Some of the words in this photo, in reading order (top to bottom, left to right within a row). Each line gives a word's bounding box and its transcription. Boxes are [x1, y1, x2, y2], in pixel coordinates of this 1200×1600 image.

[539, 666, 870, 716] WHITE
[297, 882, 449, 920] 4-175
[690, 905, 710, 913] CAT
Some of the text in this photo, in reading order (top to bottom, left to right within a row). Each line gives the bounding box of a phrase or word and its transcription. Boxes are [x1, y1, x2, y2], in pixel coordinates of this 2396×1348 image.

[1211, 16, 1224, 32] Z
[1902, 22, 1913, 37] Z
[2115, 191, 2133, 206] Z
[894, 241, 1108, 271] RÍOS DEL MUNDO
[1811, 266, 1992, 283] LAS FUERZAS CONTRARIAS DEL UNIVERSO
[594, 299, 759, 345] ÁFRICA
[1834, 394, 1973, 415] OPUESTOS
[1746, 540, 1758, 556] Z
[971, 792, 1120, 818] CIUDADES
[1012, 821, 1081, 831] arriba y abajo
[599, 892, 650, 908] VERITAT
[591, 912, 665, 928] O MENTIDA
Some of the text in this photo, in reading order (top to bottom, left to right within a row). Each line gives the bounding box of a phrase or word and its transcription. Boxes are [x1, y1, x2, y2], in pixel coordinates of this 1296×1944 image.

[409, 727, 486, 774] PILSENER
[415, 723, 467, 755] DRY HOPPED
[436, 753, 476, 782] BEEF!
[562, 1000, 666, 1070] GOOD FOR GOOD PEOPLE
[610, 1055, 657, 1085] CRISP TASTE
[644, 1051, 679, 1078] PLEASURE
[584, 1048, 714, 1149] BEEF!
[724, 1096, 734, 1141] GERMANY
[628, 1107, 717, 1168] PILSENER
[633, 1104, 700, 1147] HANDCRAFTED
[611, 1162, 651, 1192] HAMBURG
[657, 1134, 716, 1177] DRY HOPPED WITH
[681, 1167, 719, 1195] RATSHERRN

※ ※ ※

- [Problem]: Please retype the data above exactly, including every line.

- [Response below]:
Some of the words in this photo, in reading order (top to bottom, left to right within a row). Each line gives a word's bounding box and its transcription. Boxes are [x1, y1, x2, y2], in pixel coordinates of this 1200×1600 image.

[539, 666, 870, 716] WHITE
[297, 882, 449, 920] 4-175
[690, 905, 710, 913] CAT
Some of the text in this photo, in reading order (top to bottom, left to right within a row). Each line gives the bounding box of a phrase or word and its transcription. Boxes are [x1, y1, x2, y2], in pixel coordinates of this 2396×1348 image.

[1211, 16, 1224, 32] Z
[1902, 22, 1913, 37] Z
[2115, 191, 2133, 206] Z
[894, 241, 1108, 271] RÍOS DEL MUNDO
[1811, 266, 1992, 283] LAS FUERZAS CONTRARIAS DEL UNIVERSO
[594, 299, 759, 345] ÁFRICA
[1834, 394, 1973, 415] OPUESTOS
[1746, 540, 1758, 556] Z
[971, 792, 1120, 818] CIUDADES
[1012, 821, 1081, 831] arriba y abajo
[599, 892, 650, 908] VERITAT
[591, 912, 665, 928] O MENTIDA
Some of the text in this photo, in reading order (top to bottom, left to right within a row). Each line gives the bounding box of a phrase or word and its transcription. Boxes are [x1, y1, x2, y2], in pixel coordinates of this 1296×1944 image.

[409, 727, 486, 774] PILSENER
[415, 723, 467, 755] DRY HOPPED
[436, 753, 476, 782] BEEF!
[562, 1000, 666, 1070] GOOD FOR GOOD PEOPLE
[610, 1055, 657, 1085] CRISP TASTE
[644, 1051, 679, 1078] PLEASURE
[584, 1048, 714, 1149] BEEF!
[724, 1096, 734, 1141] GERMANY
[628, 1107, 717, 1168] PILSENER
[633, 1104, 700, 1147] HANDCRAFTED
[611, 1162, 651, 1192] HAMBURG
[657, 1134, 716, 1177] DRY HOPPED WITH
[681, 1167, 719, 1195] RATSHERRN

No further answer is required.